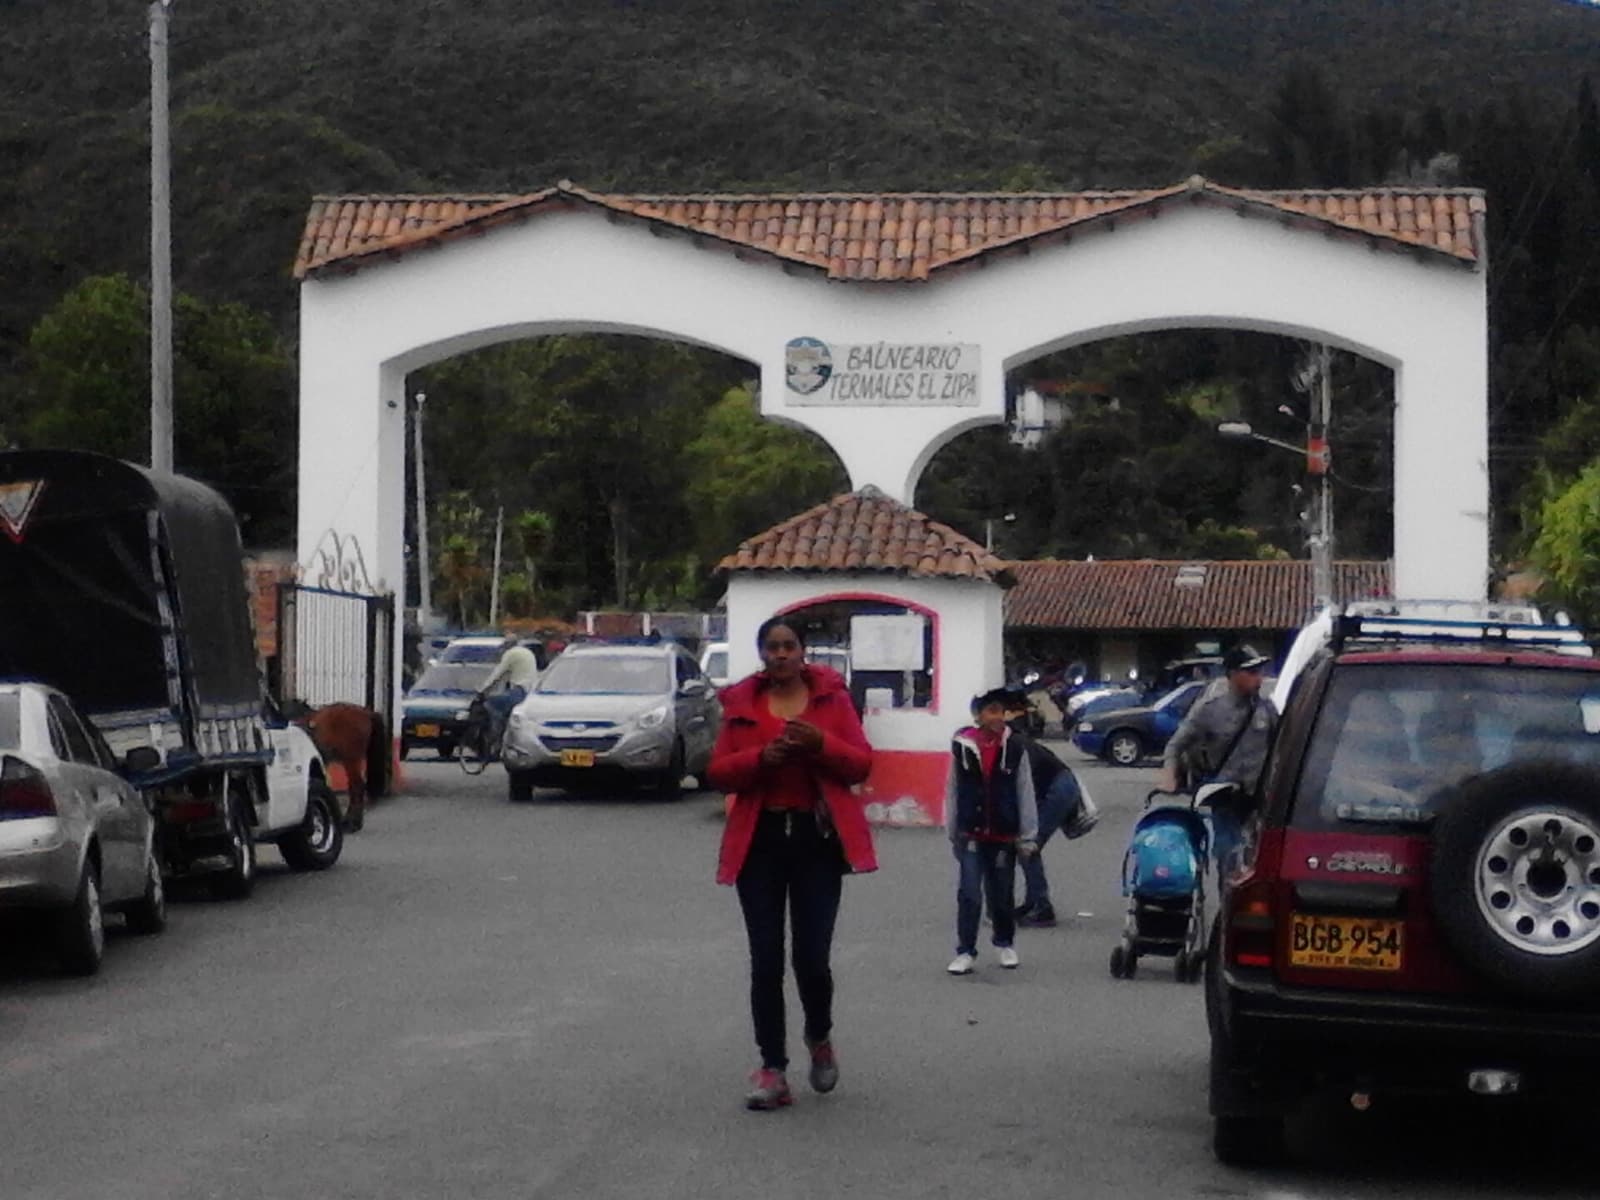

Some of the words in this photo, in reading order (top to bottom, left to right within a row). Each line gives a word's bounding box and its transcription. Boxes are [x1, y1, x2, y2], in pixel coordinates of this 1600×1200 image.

[847, 346, 961, 370] BALNEARIO
[830, 373, 914, 400] TERMALES
[918, 373, 936, 399] EL
[941, 374, 977, 399] ZIPA
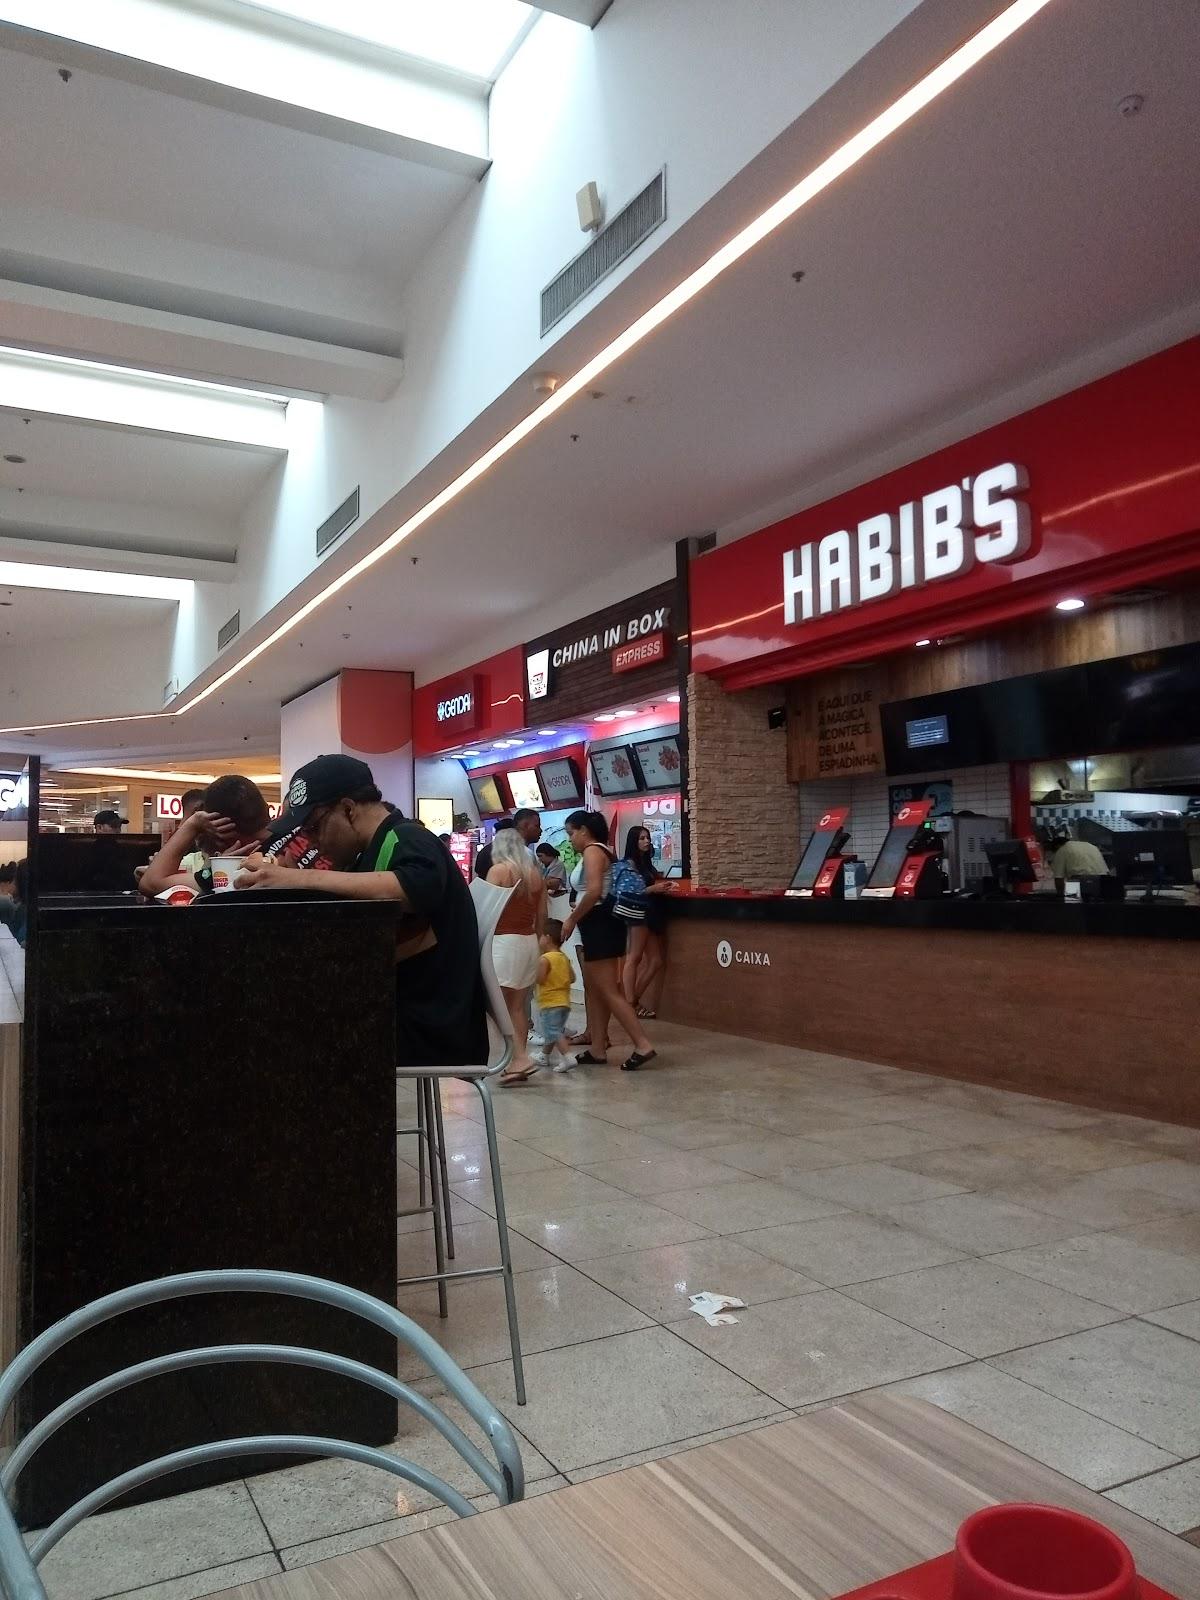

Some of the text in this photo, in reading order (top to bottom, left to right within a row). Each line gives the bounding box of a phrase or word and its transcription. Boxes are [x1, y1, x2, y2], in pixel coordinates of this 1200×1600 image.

[783, 462, 1020, 625] HABIB'S
[552, 607, 665, 668] CHINA IN BOX
[615, 640, 661, 667] EXPRESS
[444, 692, 471, 718] GENDAI
[825, 695, 848, 710] AQUI
[833, 741, 856, 755] UMA
[735, 950, 771, 966] CAIXA
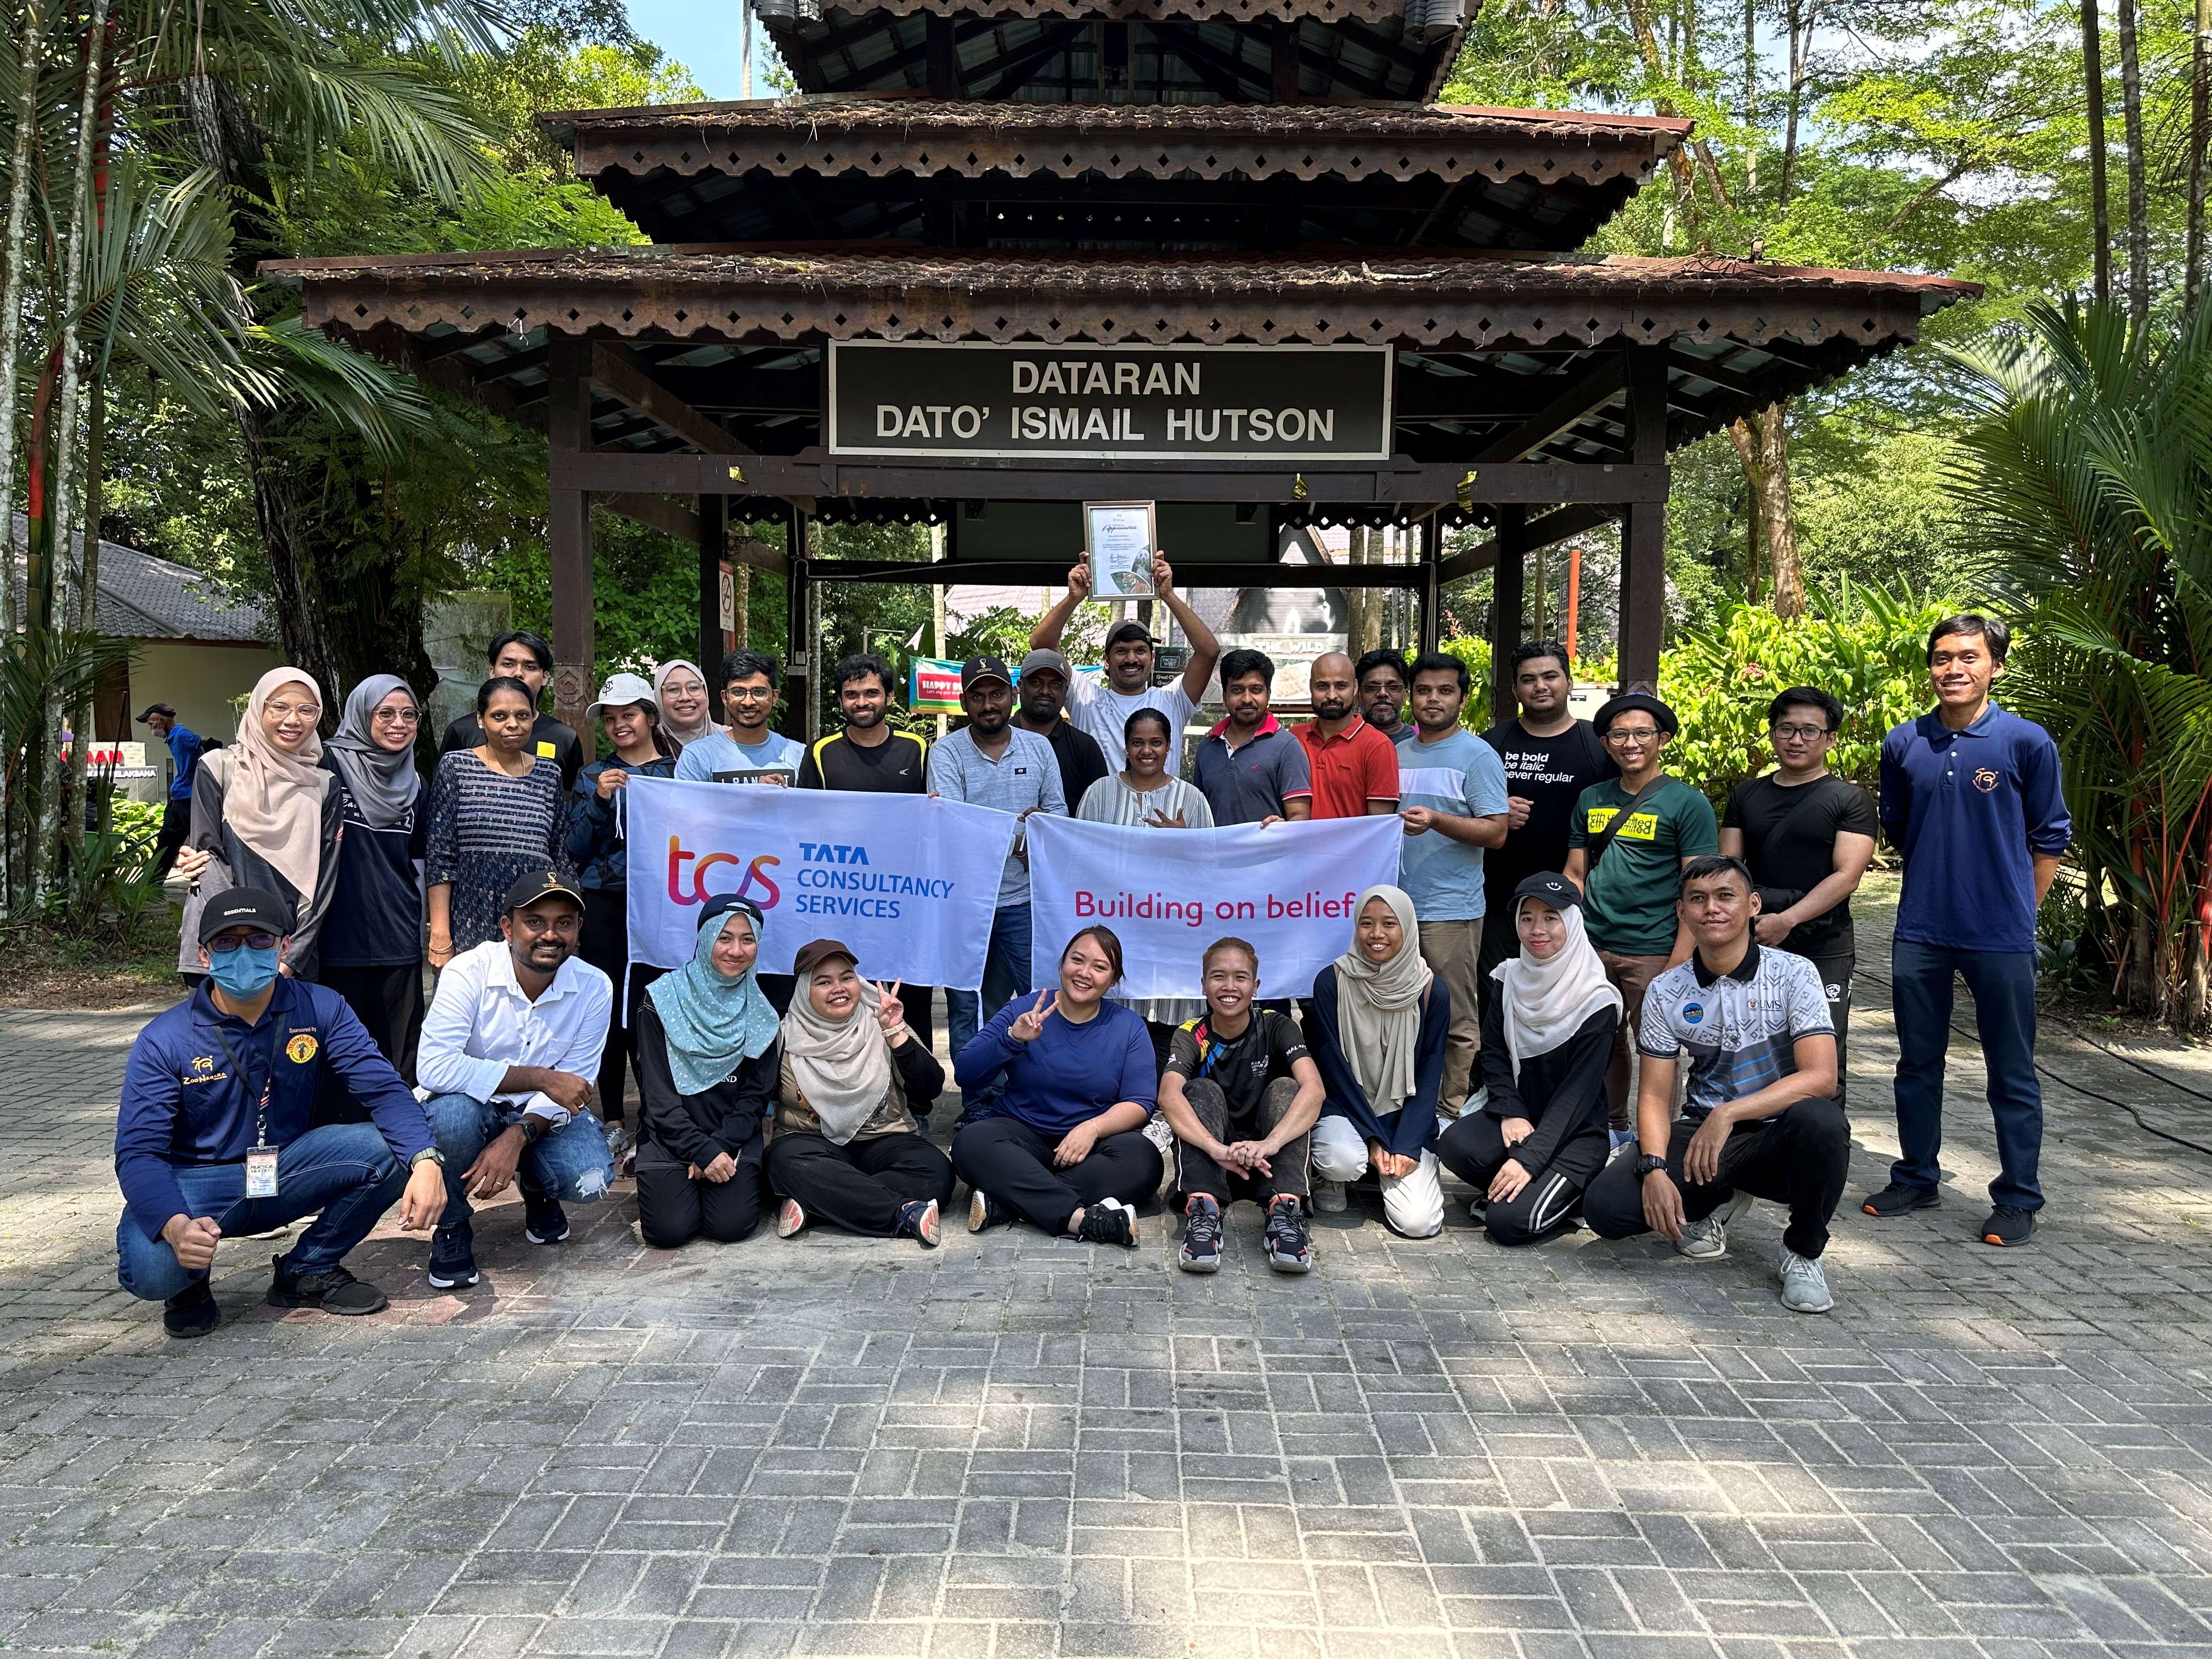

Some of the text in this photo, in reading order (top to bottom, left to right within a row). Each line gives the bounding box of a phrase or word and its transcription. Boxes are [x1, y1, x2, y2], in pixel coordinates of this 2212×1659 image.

[1013, 361, 1200, 395] DATARAN
[877, 405, 1333, 442] DATO' ISMAIL HUTSON
[1255, 641, 1325, 653] THE WILD
[922, 680, 952, 690] HAPPY
[1505, 751, 1550, 763] be bold
[1504, 760, 1545, 771] be italic
[1534, 772, 1575, 784] regular
[668, 835, 870, 911] tcs TATA
[797, 868, 955, 900] CONSULTANCY
[224, 907, 256, 916] ESSENTIALS
[795, 894, 901, 919] SERVICES
[1075, 890, 1356, 928] Building on belief
[1760, 999, 1781, 1009] UMS

_____

**What you have to do:**
Output the lines above in full and exactly as given, omitting any pictures.

**Response to this exercise:**
Some of the words in this photo, in reading order (top to bottom, left to right within a row). Each line gives a word's bounding box and its transcription. Boxes are [x1, y1, x2, y2], in pixel coordinates of this 1600×1200 image.

[847, 346, 961, 370] BALNEARIO
[830, 373, 914, 400] TERMALES
[918, 373, 936, 399] EL
[941, 374, 977, 399] ZIPA

Some of the text in this photo, in reading order (top to bottom, left to right within a row). Each line gives the bounding box of a phrase or word and its transcription. Boxes are [x1, y1, x2, y2], in pixel coordinates of this 1200×1600 image.

[783, 462, 1020, 625] HABIB'S
[552, 607, 665, 668] CHINA IN BOX
[615, 640, 661, 667] EXPRESS
[444, 692, 471, 718] GENDAI
[825, 695, 848, 710] AQUI
[833, 741, 856, 755] UMA
[735, 950, 771, 966] CAIXA

Some of the text in this photo, in reading order (top to bottom, left to right within a row). Each line gives the bounding box of a phrase or word and its transcription. Boxes are [x1, y1, x2, y2], in pixel coordinates of this 2212×1659 image.

[1013, 361, 1200, 395] DATARAN
[877, 405, 1333, 442] DATO' ISMAIL HUTSON
[1255, 641, 1325, 653] THE WILD
[922, 680, 952, 690] HAPPY
[1505, 751, 1550, 763] be bold
[1504, 760, 1545, 771] be italic
[1534, 772, 1575, 784] regular
[668, 835, 870, 911] tcs TATA
[797, 868, 955, 900] CONSULTANCY
[224, 907, 256, 916] ESSENTIALS
[795, 894, 901, 919] SERVICES
[1075, 890, 1356, 928] Building on belief
[1760, 999, 1781, 1009] UMS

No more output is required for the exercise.